MyArena/inference.py

# inference.py
import torch
import pandas as pd
from sacrebleu import corpus_bleu
from torch.nn.utils.rnn import pad_sequence
from tqdm import tqdm
from pathlib import Path
from MyTokenizer import load_tokenizer


def load_dataset(path):
    df = pd.read_parquet(path)
    try:
        return list(zip(
            df['translation'].apply(lambda x: x['en']),
            df['translation'].apply(lambda x: x['zh'])
        ))
    except KeyError as e:
        raise ValueError(f"Missing required translation key: {e}")


def make_batches(items, batch_size):
    return [items[i: i + batch_size] for i in range(0, len(items), batch_size)]


class BLEUEvaluator:
    def __init__(self, model, en_tokenizer, zh_tokenizer, device, batch_size, src_max_length, tgt_max_length):
        self.model = model
        self.en_tokenizer = en_tokenizer
        self.zh_tokenizer = zh_tokenizer
        self.device = device
        self.batch_size = batch_size
        self.src_max_length = src_max_length
        self.tgt_max_length = tgt_max_length
        self.pad_token_id = en_tokenizer.pad_token_id
        self.bos_token_id = zh_tokenizer.bos_token_id
        self.eos_token_id = zh_tokenizer.eos_token_id

    def preprocess_batch(self, batch):
        valid_samples = []
        discarded = 0
        for en_text, zh_ref in batch:
            try:
                if len(self.en_tokenizer.encode(en_text)) <= self.src_max_length:
                    valid_samples.append((en_text, zh_ref))
                else:
                    discarded += 1
            except Exception as e:
                print(f"Tokenization error: {e}")
                discarded += 1
        return valid_samples, discarded

    def encode_batch(self, en_batch):
        batch_encoded = [self.en_tokenizer.encode(text) for text in en_batch]
        src_ids = [torch.tensor(x, device=self.device) for x in batch_encoded]
        return pad_sequence(
            src_ids,
            batch_first=True,
            padding_value=self.pad_token_id
        )

    def decode_predictions(self, outputs):
        return [
            self.zh_tokenizer.decode(output, skip_special_tokens=True).replace(" ", "")
            for output in outputs
        ]

    def write_comparison(self, output_path, en_batch, zh_batch, hypos_batch):
        with open(output_path, 'a', encoding='utf-8') as f:
            for en, zh, hyp in zip(en_batch, zh_batch, hypos_batch):
                f.write(f"EN: {en}\nZH_REF: {zh}\nZH_HYP: {hyp}\n\n")

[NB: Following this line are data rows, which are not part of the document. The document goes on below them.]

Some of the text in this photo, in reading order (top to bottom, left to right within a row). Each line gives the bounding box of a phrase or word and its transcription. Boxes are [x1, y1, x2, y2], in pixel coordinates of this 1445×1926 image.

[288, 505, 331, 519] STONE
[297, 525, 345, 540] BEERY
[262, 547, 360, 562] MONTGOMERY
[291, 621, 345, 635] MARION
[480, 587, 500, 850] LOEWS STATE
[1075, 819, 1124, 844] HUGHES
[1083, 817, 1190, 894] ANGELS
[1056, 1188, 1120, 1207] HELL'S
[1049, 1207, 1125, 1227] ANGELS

    def evaluate(self, dataset_path, output_path="translations_comparison.txt"):
        Path(output_path).unlink(missing_ok=True)
        
        data = load_dataset(dataset_path)
        hypotheses = []
        references = []
        total_discarded = 0

        batches = make_batches(data, self.batch_size)
        progress_bar = tqdm(
            batches, desc="Evaluating", unit="batch", colour="blue",
            bar_format='{l_bar}{bar:32}{r_bar}',
            dynamic_ncols=True,
        )

        for batch in progress_bar:
            valid_samples, discarded = self.preprocess_batch(batch)
            total_discarded += discarded
            if not valid_samples:
                continue

            en_batch, zh_batch = zip(*valid_samples)
            src_ids = self.encode_batch(en_batch)

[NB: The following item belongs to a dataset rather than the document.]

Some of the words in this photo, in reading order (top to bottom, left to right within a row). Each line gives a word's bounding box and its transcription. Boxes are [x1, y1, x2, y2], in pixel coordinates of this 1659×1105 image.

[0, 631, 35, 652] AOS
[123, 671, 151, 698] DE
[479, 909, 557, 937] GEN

            with torch.no_grad():
                outputs = self.model.greedy_decode(
                    src_ids,
                    bos_token_id=self.bos_token_id,
                    eos_token_id=self.eos_token_id,
                    pad_token_id=self.pad_token_id,
                    max_length=self.tgt_max_length
                )
                # outputs = self.model.beam_decode(
                #     src_ids,
                #     bos_token_id=self.bos_token_id,
                #     eos_token_id=self.eos_token_id,
                #     max_length=self.tgt_max_length,
                #     beam_size=8,
                #     length_penalty=0.95,
                #     repetition_penalty=1.05
                # )

            current_hypos = self.decode_predictions(outputs)
            hypotheses.extend(current_hypos)
            references.extend([[ref] for ref in zh_batch])
            
            self.write_comparison(output_path, en_batch, zh_batch, current_hypos)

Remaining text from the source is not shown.